The pathology of politics

This question usually arises because there seems to be no reasonable explanation. There is growing evidence that political power leads to diseases of the mind. What Kenneth Clark calls in his seminal work, The Pathos of Power. This is an old, old story of politics and leaders of all kinds. What inspired me to think about this is a 282-page book titled Cult of the Will, published by Gerard A Besson, and containing strident remarks about the deceptions and the “deranged” political personality of the late Dr Eric Williams.

But before we get into some aspects of Besson’s book, I feel obliged to comment very briefly on the “pathology of politics,” a subject which caused JL Talmon to write a book titled The Origins of Totalitarian Democracy. Last September in Jamaica, during my address to Caribbean political party officials on election financing and democracy, a Grenadian party official asked me: “Why is it in the Caribbean, people appear and behave one way and as soon as they become elected as politicians they grow so arrogant, so different as if something gone wrong with them?”

The audience burst out laughing. PNM Opposition Leader, Dr Keith Rowley and Professor Selwyn Ryan, also present, smiled, knowingly it seemed. Yes, I too have seen the phenomenon in some of my own university colleagues who got elected. This ego-enhancing transformation has been a fascinating subject in psychopathology for ages, quite notably by Harold Lasswell, Sigmund Freud, Abraham Maslow and Carl Jung.

More and more, nurtured by excessive hero-worshipping and unchecked patronage, the diseased manifestations of political power — self-delusion, self-acclamations, bruising arrogance, unwarranted extravagance, thin-skinned, vengeful, etc. — all begin to inflict themselves upon a rather helpless public — at least for a time. Soon, the politician becomes a prisoner, a victim really, of his or her, search for further but scarcer gratifications, meandering between fleeting ecstasy and deep depression. Some get the sickness sooner than others.

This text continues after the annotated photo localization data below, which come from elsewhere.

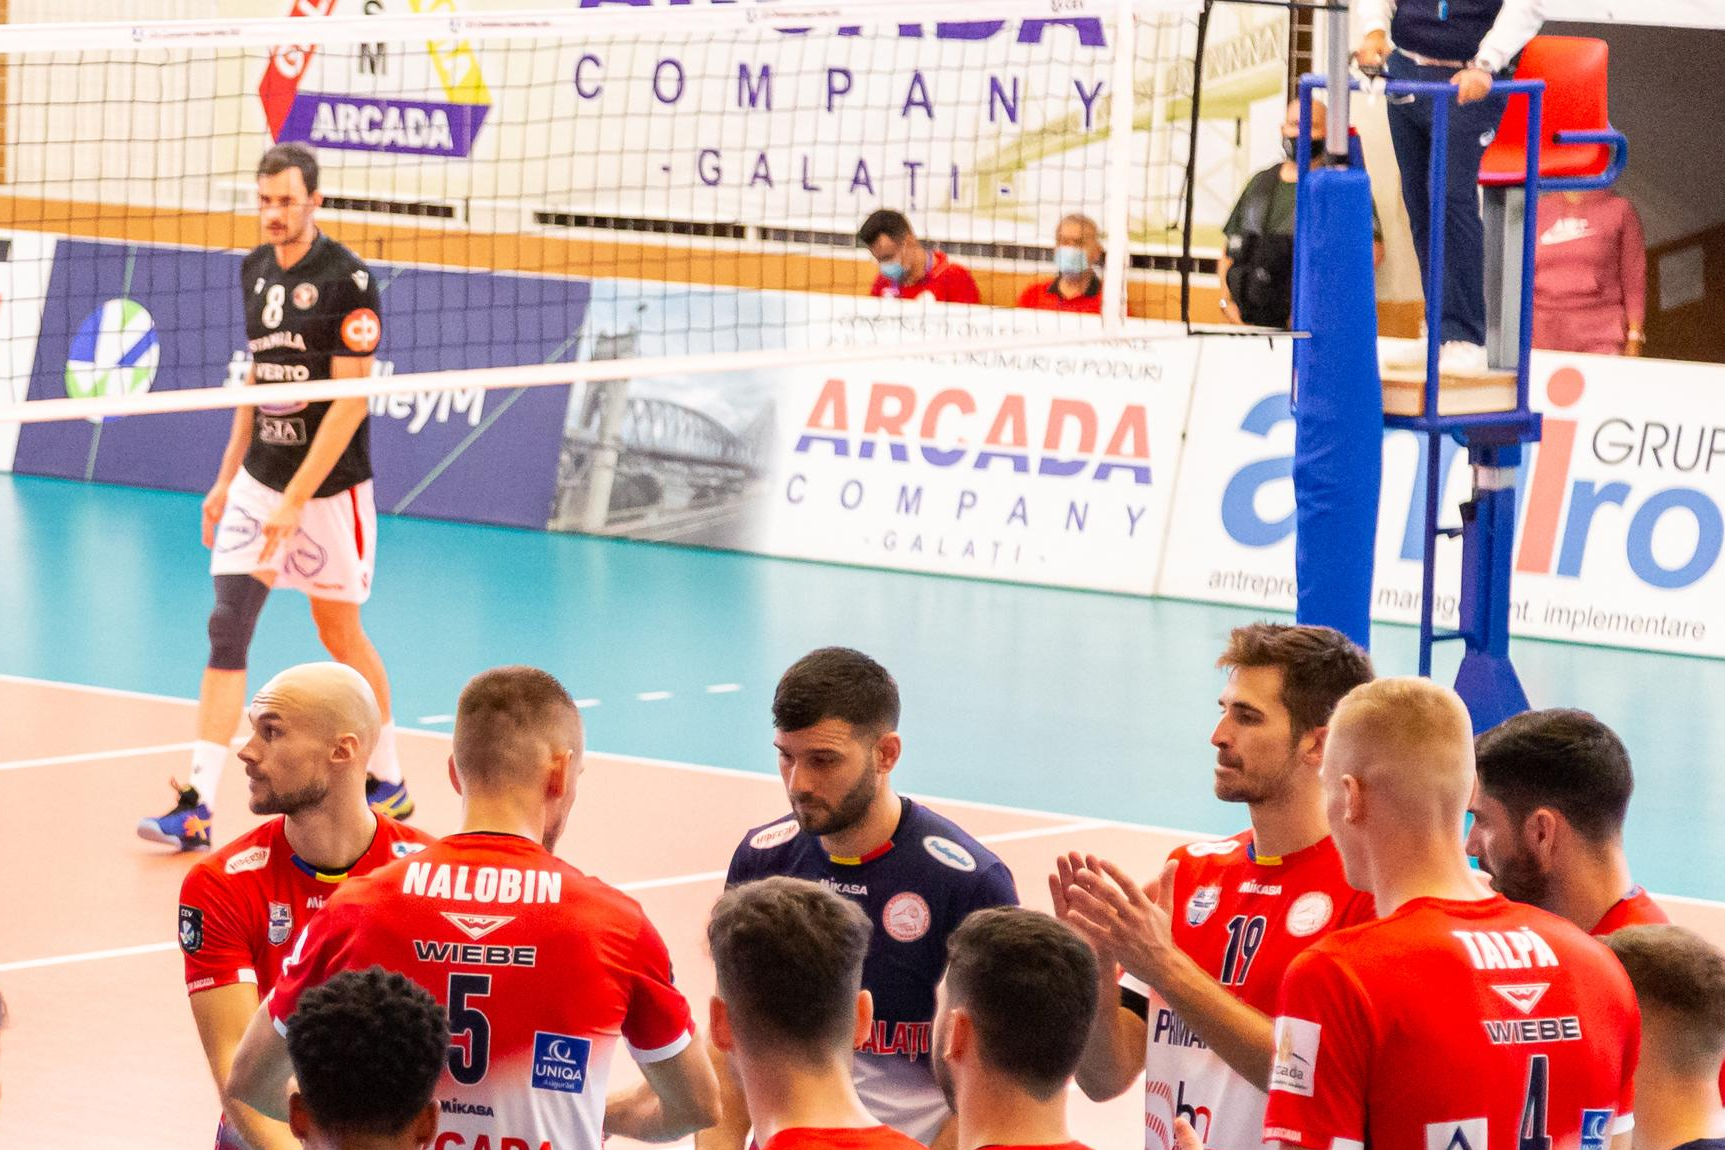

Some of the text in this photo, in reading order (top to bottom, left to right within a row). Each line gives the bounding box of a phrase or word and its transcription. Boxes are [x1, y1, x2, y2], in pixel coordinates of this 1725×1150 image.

[575, 54, 1104, 130] COMPANY
[309, 102, 454, 150] ARCADA
[261, 284, 286, 329] 8
[794, 377, 1154, 485] ARCADA
[785, 474, 1147, 538] COMPANY
[1543, 601, 1706, 642] implementare
[402, 861, 562, 904] NALOBIN
[413, 938, 538, 967] WIEBE
[1220, 914, 1267, 986] 19
[447, 972, 493, 1086] 5
[1482, 1015, 1583, 1045] WIEBE
[536, 1063, 583, 1081] UNIQA
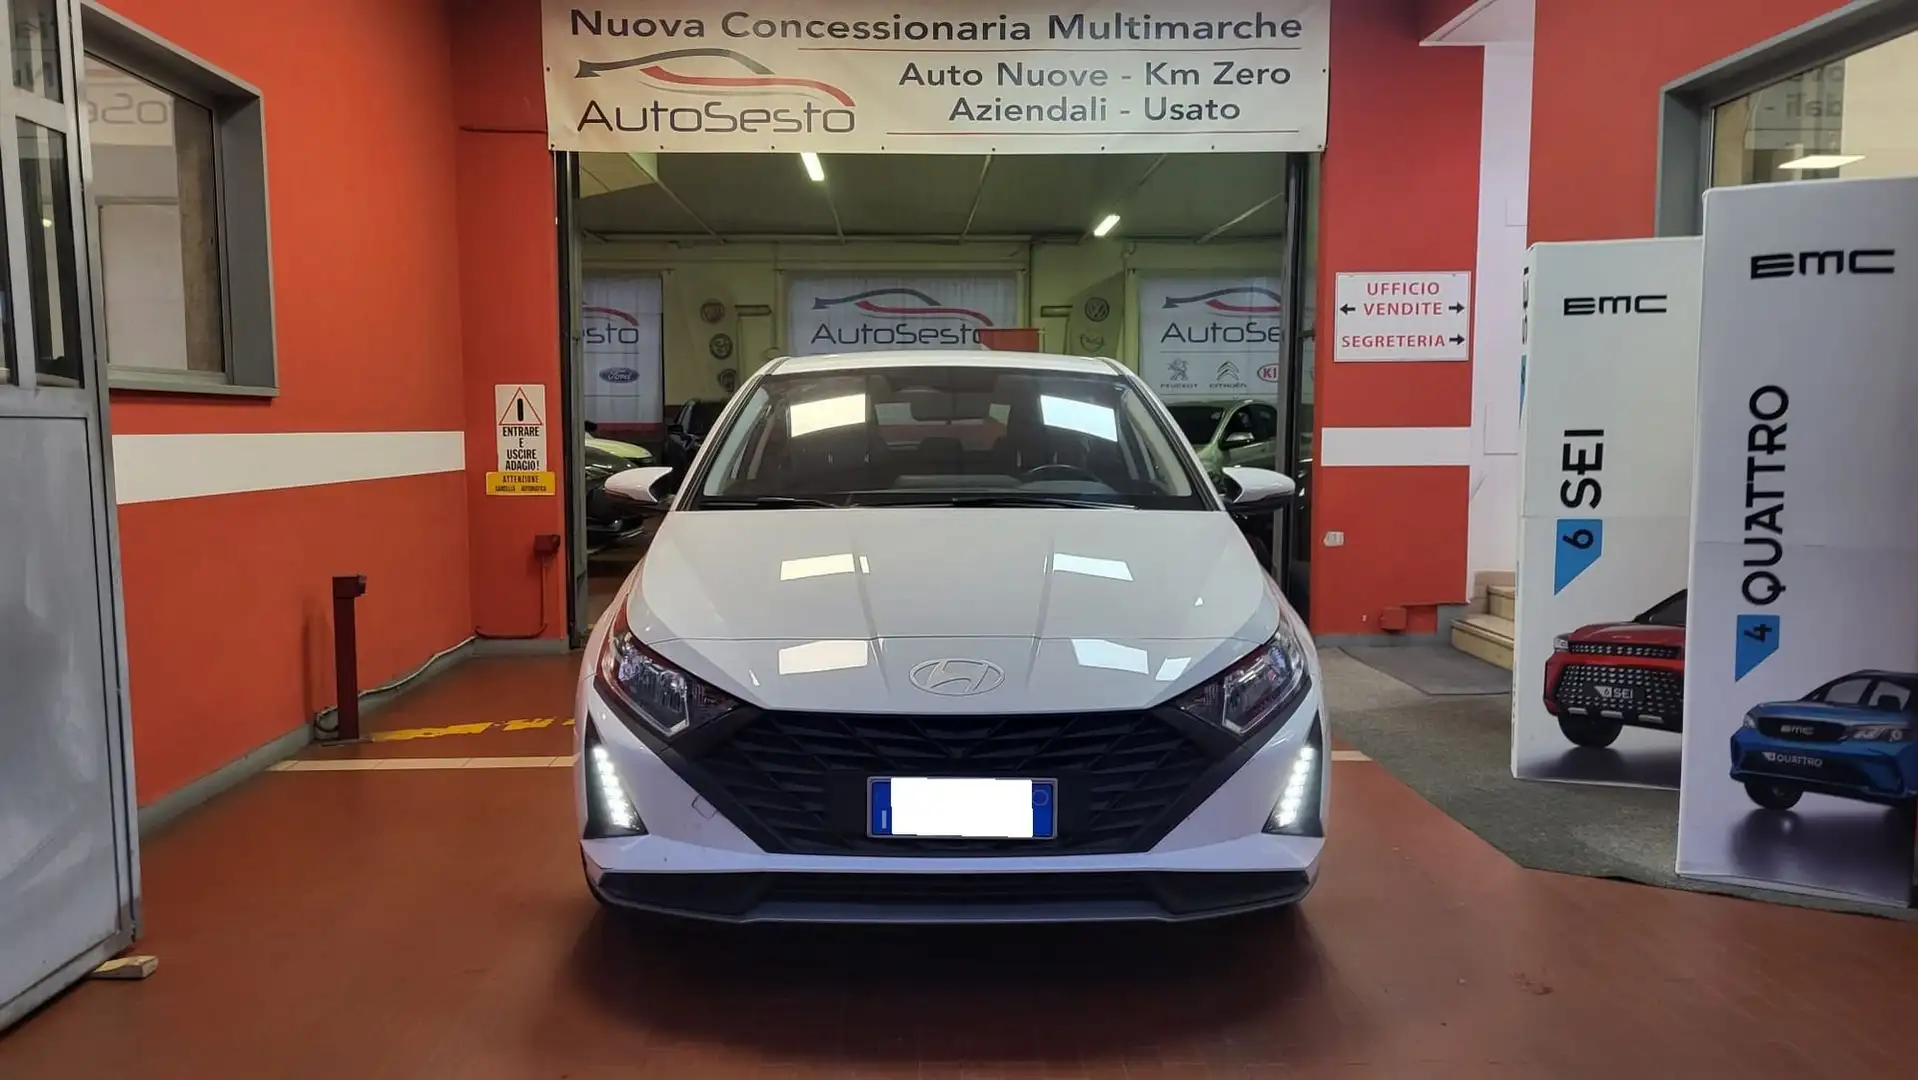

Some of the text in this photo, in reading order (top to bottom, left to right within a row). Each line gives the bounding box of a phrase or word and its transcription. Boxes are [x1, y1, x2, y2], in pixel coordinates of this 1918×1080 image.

[571, 9, 1302, 41] Nuova Concessionaria Multimarche
[899, 62, 983, 86] Auto
[997, 62, 1108, 86] Nuove
[1145, 62, 1200, 85] Km
[1213, 62, 1291, 85] Zero
[949, 97, 1107, 121] Aziendali
[1144, 97, 1241, 121] Usato
[577, 100, 855, 133] AutoSesto
[1367, 282, 1440, 296] UFFICIO
[1364, 302, 1443, 316] VENDITE
[582, 322, 639, 344] sto
[1161, 322, 1280, 343] AutoSe
[1341, 335, 1446, 348] SEGRETERIA
[1263, 368, 1277, 379] KI
[502, 426, 540, 437] ENTRARE
[518, 438, 525, 448] E
[506, 449, 537, 460] USCIRE
[505, 460, 540, 471] ADAGIO!
[1560, 429, 1604, 549] 6 SEI
[1742, 385, 1789, 642] 4 QUATTRO
[1613, 688, 1634, 699] SEI
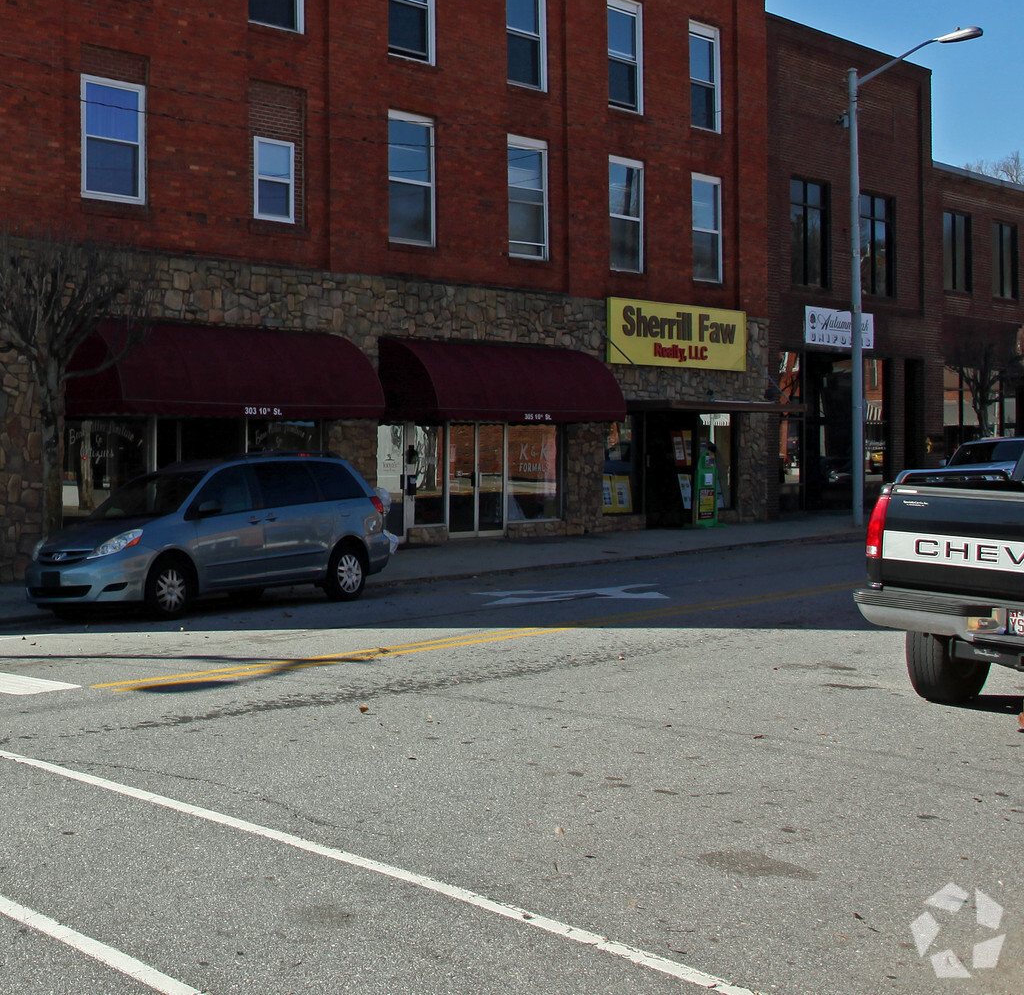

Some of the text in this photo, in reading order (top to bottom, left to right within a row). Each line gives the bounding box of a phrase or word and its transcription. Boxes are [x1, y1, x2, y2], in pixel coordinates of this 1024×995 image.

[622, 305, 736, 344] Sherrill Faw
[653, 342, 708, 362] Realty, LLC
[244, 406, 257, 415] 303
[273, 407, 283, 416] St.
[519, 442, 528, 461] K
[540, 442, 549, 461] K
[519, 462, 550, 473] FORMALS
[915, 538, 1024, 565] CHEV

With irritating insecurity, the politician gets a craving for more and more praise and reassurances, easily falling prey to a tightened circle of benefitting flatterers. This latter condition has been ascribed to Besson’s major subject, Eric Williams, by quite a few local commentators. However, as we also know, Williams still has his admirers who see his personality and deeds in more flattering terms. Besson’s book got reviews by John La Guerre, Selwyn Cudjoe, Brinsley Samarro and Selwyn Ryan. Then by columnists Marion O’Callaghan and Kevin Baldeosingh. For reasons of space, I will deal briefly with the second part of his two-part book — an explanation of victimhood and political mobilisation. Besson made a bold denunciation of the late Dr Eric Williams’ economic explanation for the abolition of slavery. Rather, Besson asserted both Williams and CLR James conveniently ignored the humanitarian anti-slavery movement and that Williams in particular, used a “victimhood” ideology to arouse black nationalism and achieve political victory. The reviewers could not resist dealing with the “victimhood” argument by Besson. The cult of the will, as he argues, creates a rather permanent condition of historically-generated victimhood, over one hundred years, and as sold by Williams and enthusiastically purchased by blacks. Cudjoe called this “a cruel accusation.”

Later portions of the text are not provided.